**WHAT YOU NEED TO DO:**
All entries below are to be returned in full, exactly as they stand.

**INFORMATION PROVIDED:**
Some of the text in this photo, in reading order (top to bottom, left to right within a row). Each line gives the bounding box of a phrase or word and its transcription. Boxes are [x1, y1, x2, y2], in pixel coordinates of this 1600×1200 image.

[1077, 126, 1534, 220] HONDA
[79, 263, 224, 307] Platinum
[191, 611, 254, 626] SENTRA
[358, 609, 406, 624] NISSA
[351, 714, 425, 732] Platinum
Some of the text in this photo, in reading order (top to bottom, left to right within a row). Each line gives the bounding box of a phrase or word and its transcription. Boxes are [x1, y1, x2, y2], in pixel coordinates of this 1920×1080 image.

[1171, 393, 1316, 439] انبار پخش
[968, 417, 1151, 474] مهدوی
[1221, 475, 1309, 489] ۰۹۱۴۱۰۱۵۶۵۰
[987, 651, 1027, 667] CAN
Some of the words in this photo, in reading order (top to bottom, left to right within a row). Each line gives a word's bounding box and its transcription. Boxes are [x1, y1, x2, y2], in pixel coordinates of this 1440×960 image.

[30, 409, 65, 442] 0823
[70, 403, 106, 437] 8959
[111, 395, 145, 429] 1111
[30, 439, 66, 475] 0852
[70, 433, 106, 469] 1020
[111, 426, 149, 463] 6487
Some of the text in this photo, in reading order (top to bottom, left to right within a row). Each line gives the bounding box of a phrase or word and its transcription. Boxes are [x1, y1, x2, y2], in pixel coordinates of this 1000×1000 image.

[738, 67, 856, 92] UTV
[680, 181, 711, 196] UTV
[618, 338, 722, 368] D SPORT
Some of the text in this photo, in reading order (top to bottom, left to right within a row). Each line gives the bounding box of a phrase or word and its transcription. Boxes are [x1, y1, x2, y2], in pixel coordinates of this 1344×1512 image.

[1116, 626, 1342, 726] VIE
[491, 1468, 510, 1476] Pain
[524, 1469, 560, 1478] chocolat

**EXERCISE RESPONSE:**
Some of the text in this photo, in reading order (top to bottom, left to right within a row). Each line gives the bounding box of a phrase or word and its transcription. Boxes are [x1, y1, x2, y2], in pixel coordinates of this 1600×1200 image.

[1077, 126, 1534, 220] HONDA
[79, 263, 224, 307] Platinum
[191, 611, 254, 626] SENTRA
[358, 609, 406, 624] NISSA
[351, 714, 425, 732] Platinum
Some of the text in this photo, in reading order (top to bottom, left to right within a row). Each line gives the bounding box of a phrase or word and its transcription. Boxes are [x1, y1, x2, y2], in pixel coordinates of this 1920×1080 image.

[1171, 393, 1316, 439] انبار پخش
[968, 417, 1151, 474] مهدوی
[1221, 475, 1309, 489] ۰۹۱۴۱۰۱۵۶۵۰
[987, 651, 1027, 667] CAN
Some of the words in this photo, in reading order (top to bottom, left to right within a row). Each line gives a word's bounding box and its transcription. Boxes are [x1, y1, x2, y2], in pixel coordinates of this 1440×960 image.

[30, 409, 65, 442] 0823
[70, 403, 106, 437] 8959
[111, 395, 145, 429] 1111
[30, 439, 66, 475] 0852
[70, 433, 106, 469] 1020
[111, 426, 149, 463] 6487
Some of the text in this photo, in reading order (top to bottom, left to right within a row). Each line gives the bounding box of a phrase or word and its transcription. Boxes are [x1, y1, x2, y2], in pixel coordinates of this 1000×1000 image.

[738, 67, 856, 92] UTV
[680, 181, 711, 196] UTV
[618, 338, 722, 368] D SPORT
Some of the text in this photo, in reading order (top to bottom, left to right within a row). Each line gives the bounding box of a phrase or word and its transcription. Boxes are [x1, y1, x2, y2], in pixel coordinates of this 1344×1512 image.

[1116, 626, 1342, 726] VIE
[491, 1468, 510, 1476] Pain
[524, 1469, 560, 1478] chocolat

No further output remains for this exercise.